10 Low Budget TV Shows That Are Well Worth Your Time

As any media critic, film fanatic, or casual consumer of television has come to learn, the independent world has been an intriguing and impactful arena for actors, writers, and other creatives. Despite the financial restrictions, a plethora of fantastic series has debuted and lived to see multiple years of greatly appreciated seasons.

With the advent of social media sites like YouTube, Vine, and currently, TikTok, creatives such as Issa Rae and Ziwe have enjoyed mainstream success by using their viral success online to retain viewers and create an online empire of their own, despite the financial restrictions they were met with at the time. Other creatives such as Michaela Coel navigated the British education system, beginning her career as a playwright before taking Chewing Gum Dreams and adapting it into the beloved comedy Chewing Gum.

However, it would be ludicrous to bypass all of the important shows that have contributed to the current entertainment ecosystem. Regardless of their budget or popularity, the selected series are some of the most influential and subversive forms of media to have premiered on television.



10 Noah’s Arc

The lead actors of Noah's Arc, four black, gay men, affectionally leaning on one another.
Logo TV, 2005

Considered a Logo TV staple Noah’s Arc was a comedy-drama that aired from 2005-2006 with a movie released in 2008. The series was conceptualized by creator Patrik Ian-Polk after his experience at a Black gay Pride event in Los Angeles. Wishing to broadcast the lives of gay, black men in LA, Ian-Polk initially released the pilot and the subsequent web series in 2004 online and on DVD.

Logo then picked up the series, and it premiered on October 19, 2005, as a thirty-minute dramedy starring Darryl Stephens as the titular Noah.

The best of shows have a complex, yet lovable protagonist, and those two traits perfectly describe Noah. An aspiring screenwriter, Noah surrounds himself with great friends like Alex (Rodney Chester), Chance (Doug Spearman), and Ricky (Christian Vincent), each with their unique aspirations and storylines. Nevertheless, Noah’s search for love leads him into the arms of Wade (Jensen Atwood). Their bright sparks quickly turn into large swaths of flames that threaten to further complicate their lives, but also enlighten both characters and the surrounding community regarding their true desires.

The show remains a hallmark for black, gay representation on television, with the characterizations and conversations offered of its time while simultaneously remaining timeless.

9 The Misadventures of Awkward Black Girl


Long before the seminal Insecure, Issa Rae took to YouTube to premiere her refreshing comedy web series The Misadventures of Awkward Black Girl, commonly referred to as Awkward Black Girl.

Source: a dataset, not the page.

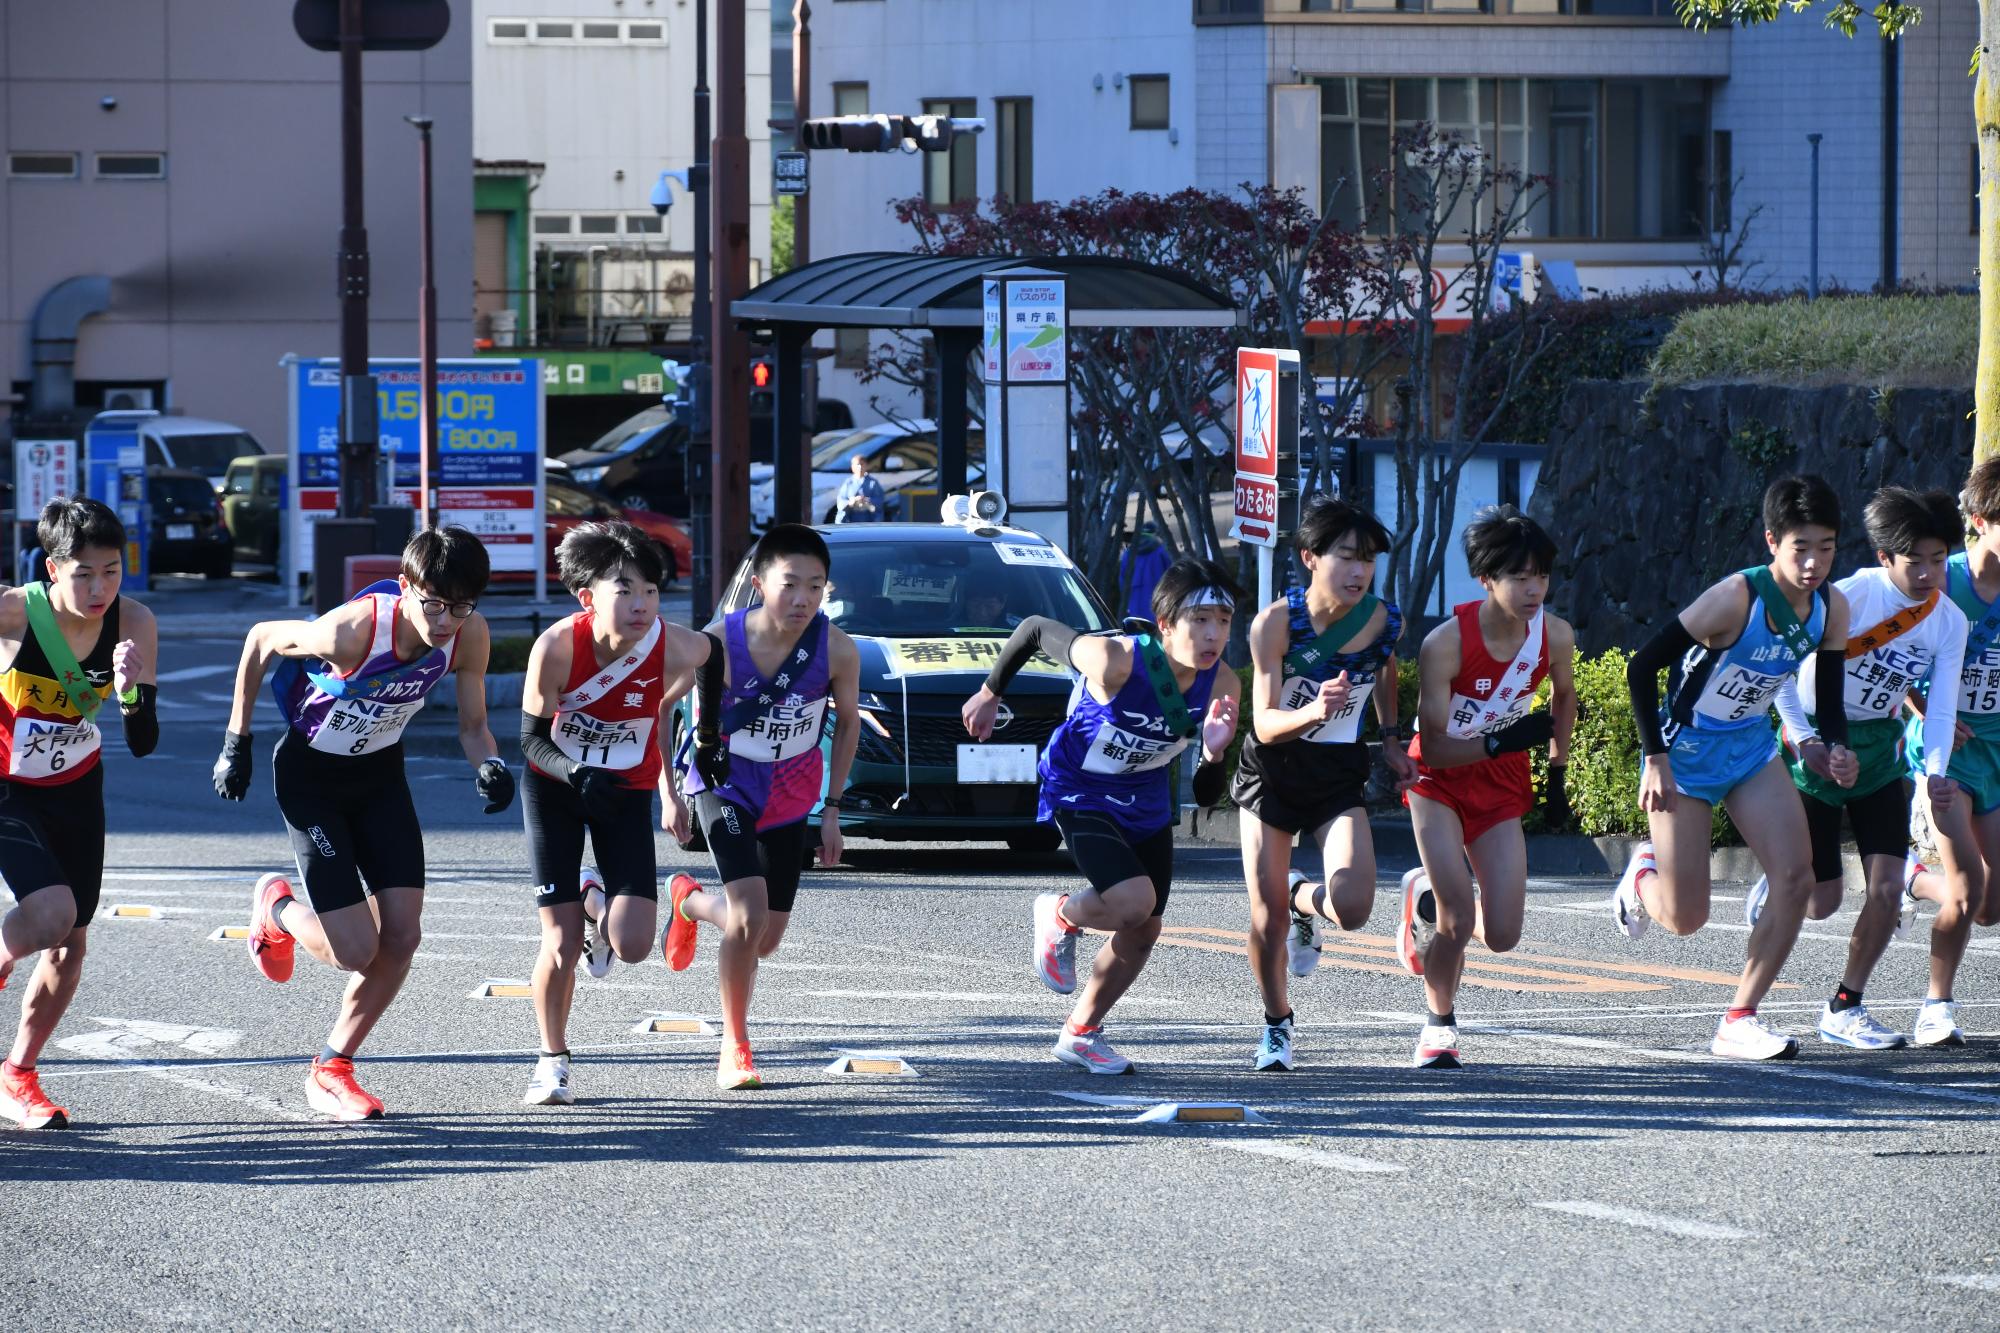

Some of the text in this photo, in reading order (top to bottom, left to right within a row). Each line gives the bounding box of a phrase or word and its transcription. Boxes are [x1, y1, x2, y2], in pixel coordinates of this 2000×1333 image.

The series stars Rae as “J”, a millennial black woman working in the nonprofit industry.

Common among most workplace comedies, Rae and an ensemble cast of multi-hyphenates comically critique the obliviousness of authority figures, rivaling personas, as well as the complications of life rearing its ugly head during and after work hours. However, it adds the often neglected perspective of black women during an era where diversity in the media paled in comparison to the early 1990s and the late 2010s.

Whether it be her constant spats with the overbearing and spiteful Nina (Tracey Oliver), complications with her best friend CeCe (Sujata Day), or juggling two potential lovers, J’s life feels trapped in a perpetual cycle, bouncing between a dangerously monotonous work schedule, a stimulating yet confusing love life. As draining as that may sound, the cast’s humor and accuracy make for excellent entertainment.

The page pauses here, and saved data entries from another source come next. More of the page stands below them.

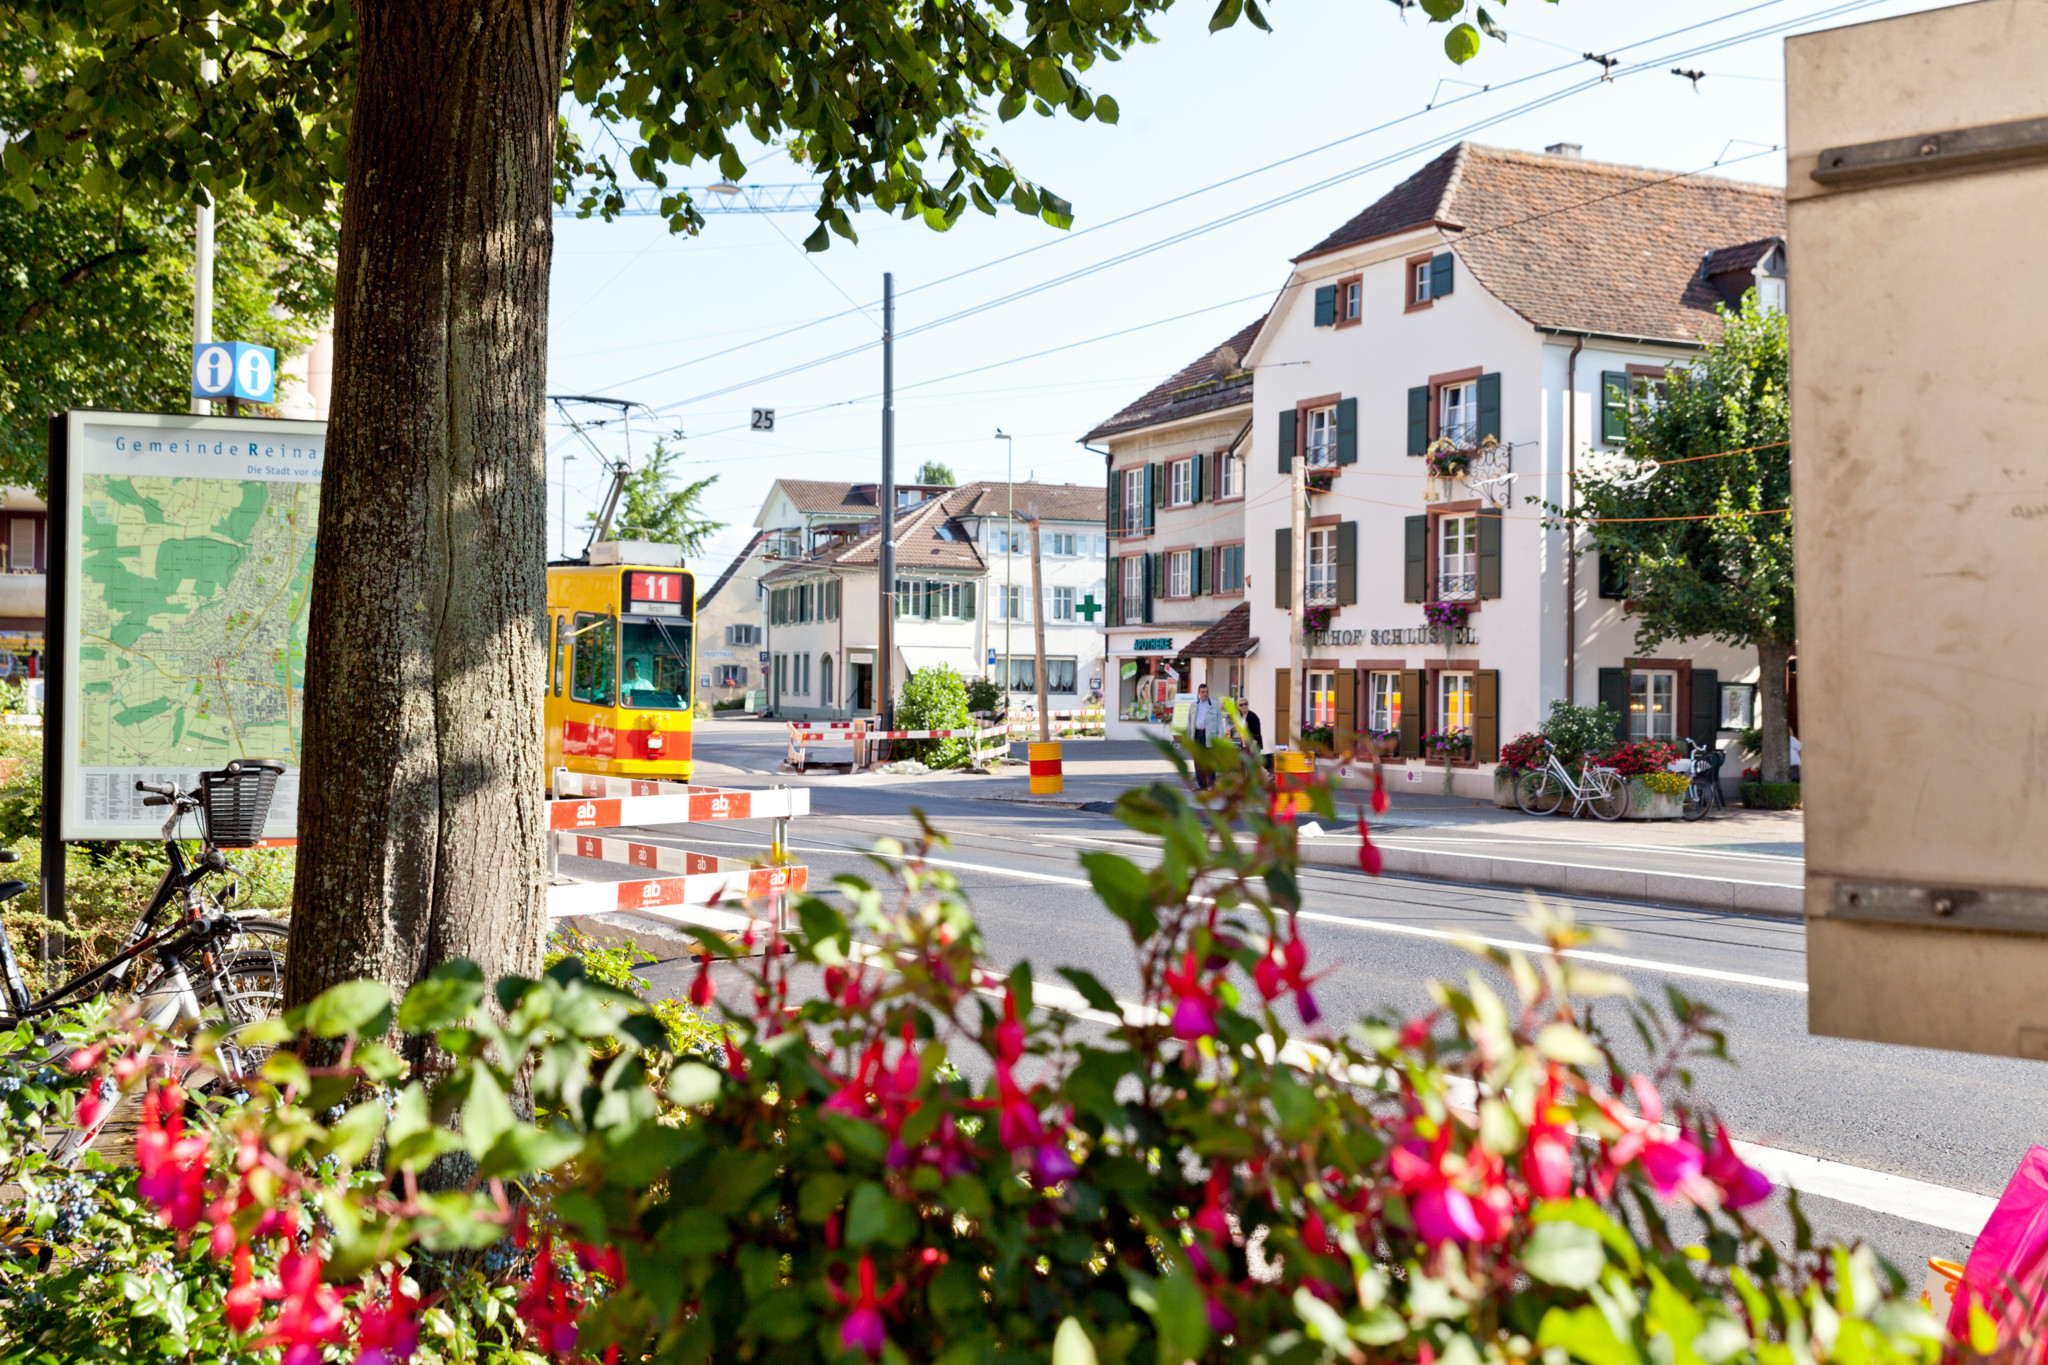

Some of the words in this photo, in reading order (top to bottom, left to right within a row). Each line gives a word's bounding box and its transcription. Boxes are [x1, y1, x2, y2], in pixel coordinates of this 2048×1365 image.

[752, 410, 774, 429] 25
[116, 437, 238, 456] Gemeinde
[247, 464, 262, 474] Die
[265, 465, 290, 476] Stadt
[294, 469, 308, 477] vor
[645, 575, 668, 600] 11
[1371, 625, 1475, 645] SCHLÜSEL
[1134, 638, 1171, 650] APOTHEKE
[576, 801, 596, 819] ab
[711, 794, 728, 811] ab
[585, 839, 594, 852] ab
[638, 847, 647, 861] ab
[697, 856, 706, 871] ab
[769, 870, 786, 885] ab
[642, 880, 661, 898] ab

Following a successful Kickstarter campaign, the series premiered on YouTube in 2011. The success caught the eyes of mainstream outlets like CNN and icons like Pharrell, who released the second and final season of the series through his I Am Other (stylized as “i am OTHER”). The success of Awkward Black Girl resulted in a fruitful connection between Rae and HBO, leading to the respective releases ofInsecure and Rap Sh!t.

8 Misfits

The Cast of Misfits wearing dark orange jumpsuits, starring ominously into the camera as an unknown figure dressed in black looms in the distance.
BBC, 2009

The E4 series Misfits followed the experiences of young offenders who are sent to complete community service when they experience a life-altering experience that binds them together but further ostracizes them from the greater society. The science fiction dramedy focuses on a diverse set of personalities commonly referred to as the “ASBO five” and their navigation of life with their newfound abilities. Harnessing powers such as invisibility and time manipulation and becoming immortal or irresistible, the core group soon realizes that their already uncomfortable lives have now veered into the unimaginable.

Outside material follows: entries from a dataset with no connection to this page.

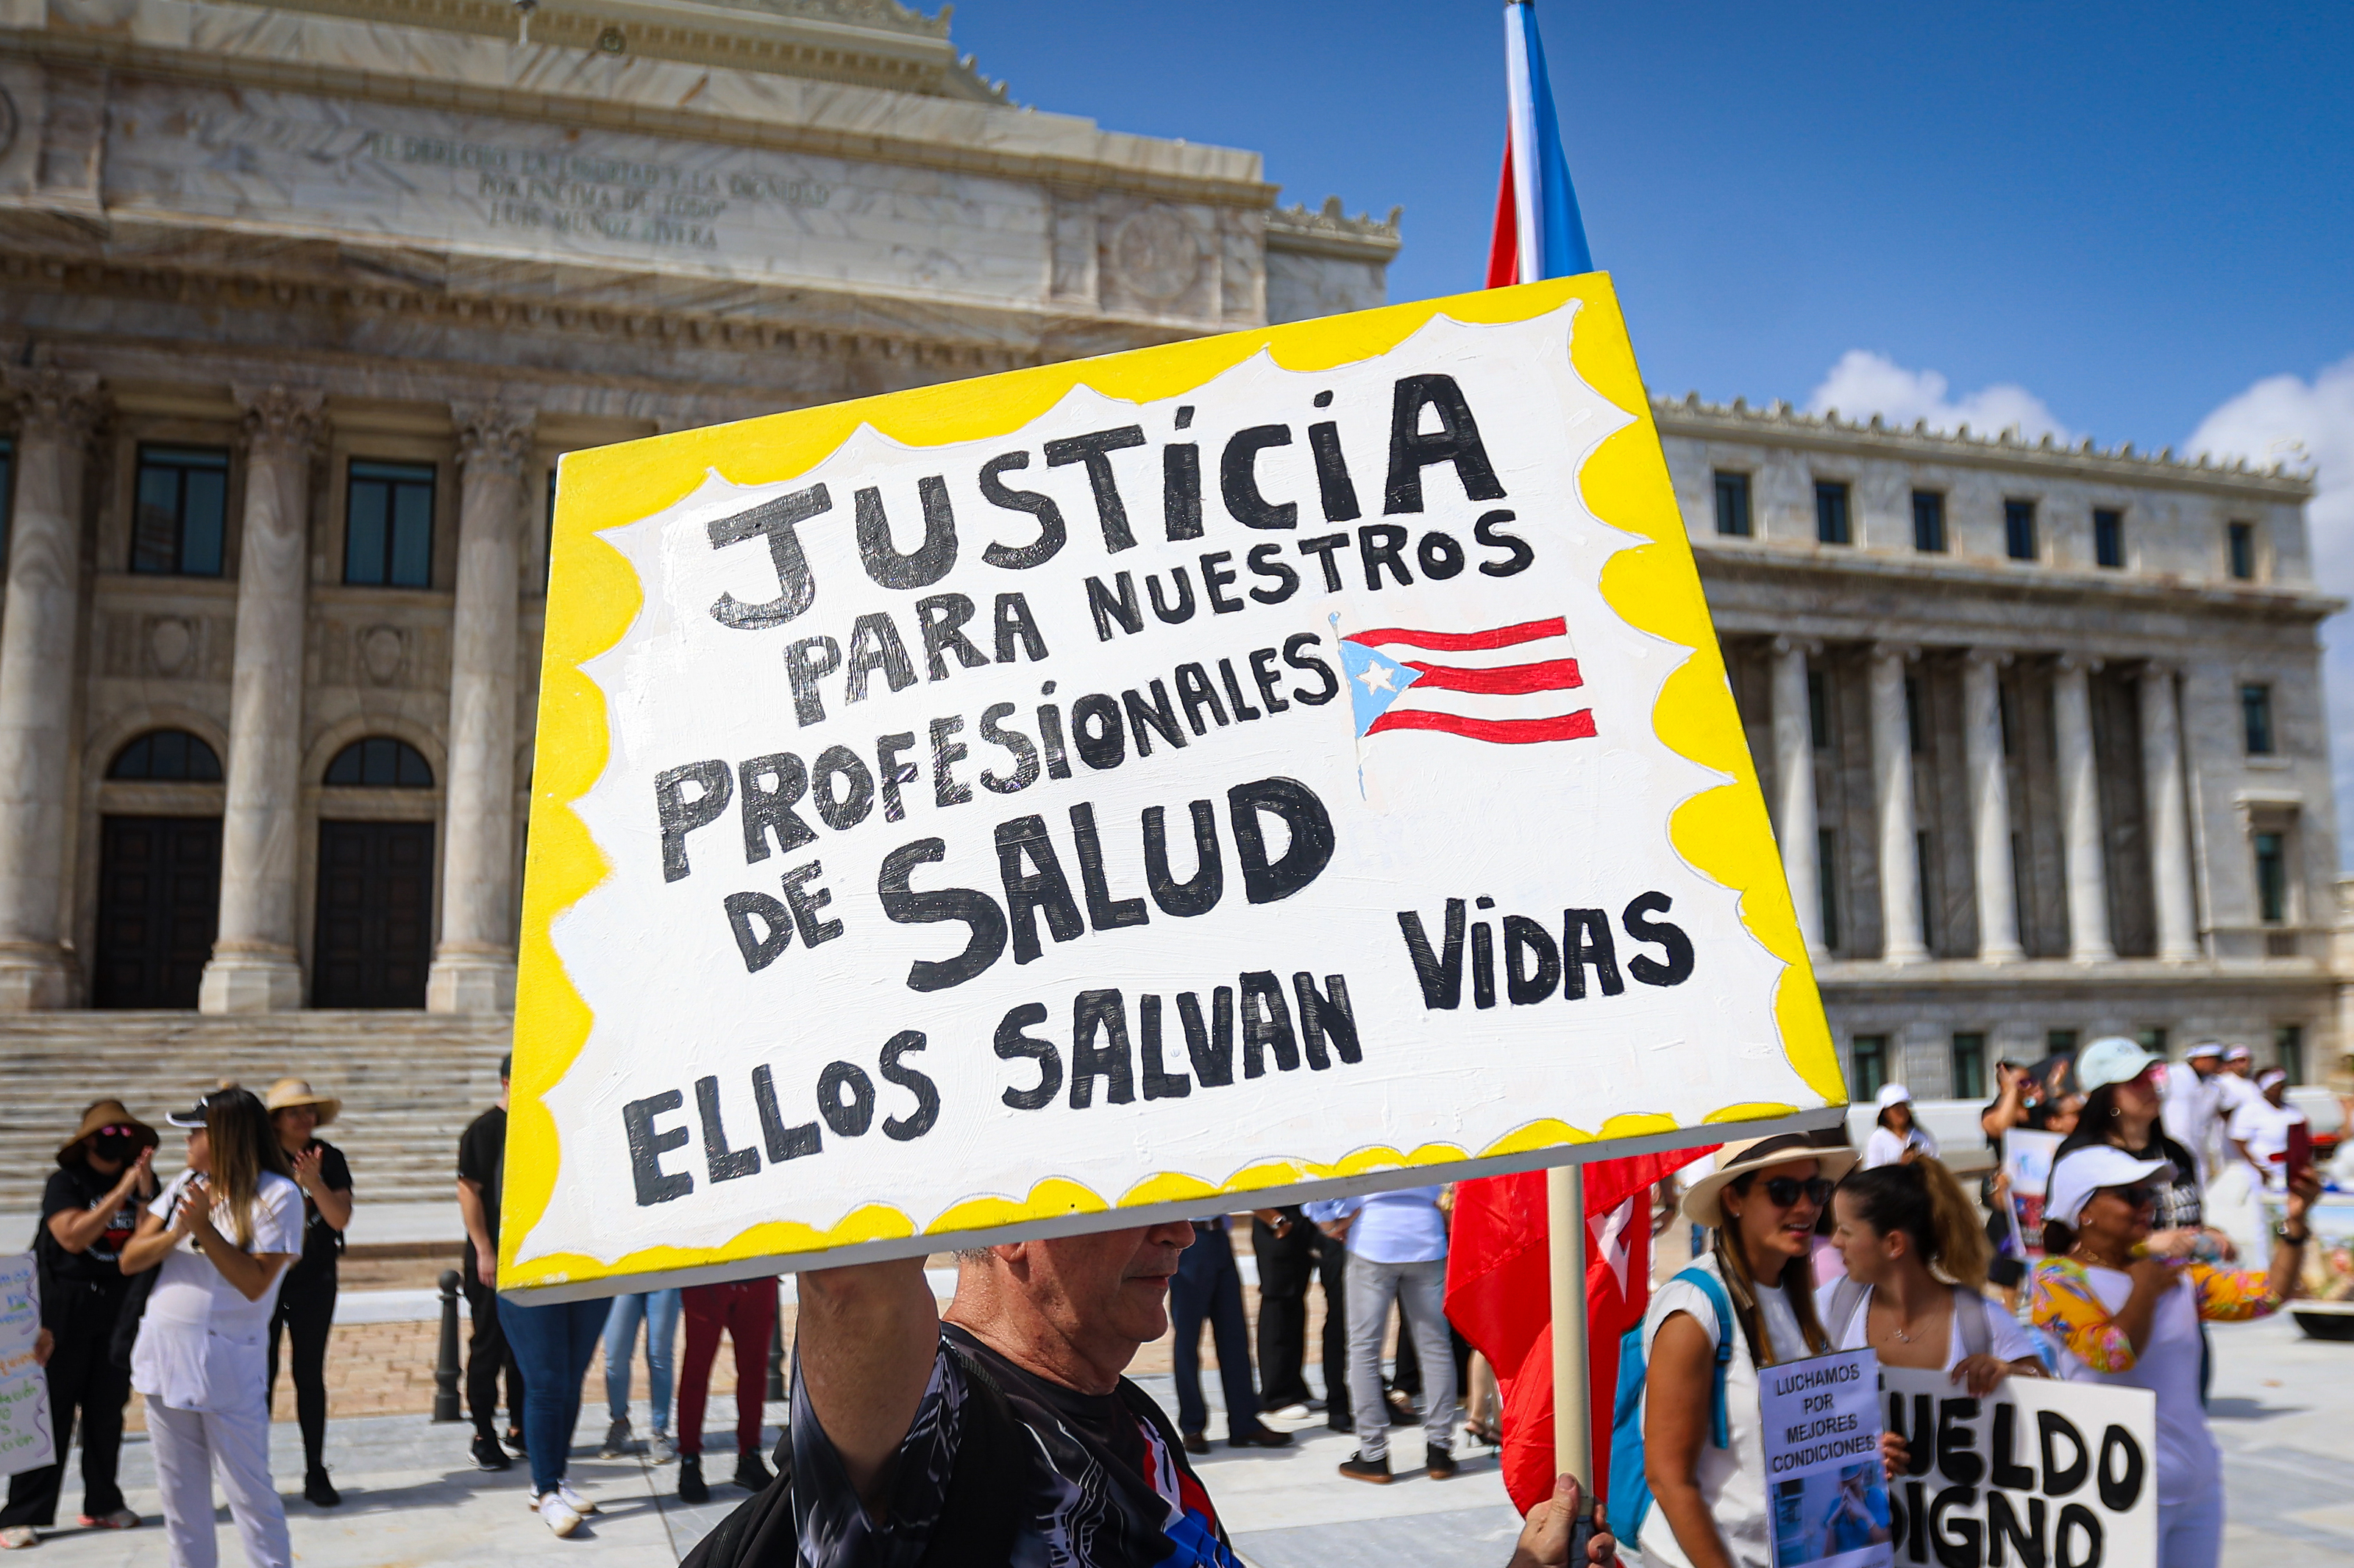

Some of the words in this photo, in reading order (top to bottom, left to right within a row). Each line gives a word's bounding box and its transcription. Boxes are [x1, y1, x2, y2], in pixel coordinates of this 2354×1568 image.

[783, 592, 1049, 727] PARA
[724, 859, 844, 973] DE
[878, 777, 1335, 993] SALUD
[994, 970, 1362, 1111] SALVAN
[1777, 1364, 1860, 1396] LUCHAMOS
[1804, 1393, 1834, 1415] POR
[1773, 1435, 1876, 1472] CONDICIONES
[1787, 1414, 1857, 1444] MEJORES
[1879, 1373, 2143, 1511] UELDO

Expenses for the episodes reportedly went up to $400,000, with creatives providing an engaging commentary on mental health and the pitfalls of the Western carceral system. All the while, audiences get to invest in well-written, flawed, and easily commendable protagonists.

7 Being Human (UK)

John Mitchell - Being human (2008 – 2013)
Touchpaper Television

Many television series have tackled the issue of supernatural being co-existing among humans. While shows like The Vampire Diaries and films like Twilight have their supernatural characters shrouded in secrecy from the rest of the world, Being Human envisioned a world where humans, vampires, werewolves, and other paranormal entities existed while addressing the elephant in the room from a refreshingly, different perspective. Instead of centering humans, the BBC Three series sought to place the focus solely on the supernatural.

The series introduces audiences to Annie Sawyer (Lenora Crichlow), George Sands (Russel Tovey), and John Mitchell (Aidan Turner), a ghost, a werewolf, and a vampire, respectively. As the title suggests, the dramedy focuses on each person’s ambition to assimilate into greater society, adopting human traits while trying to subdue their innate desires.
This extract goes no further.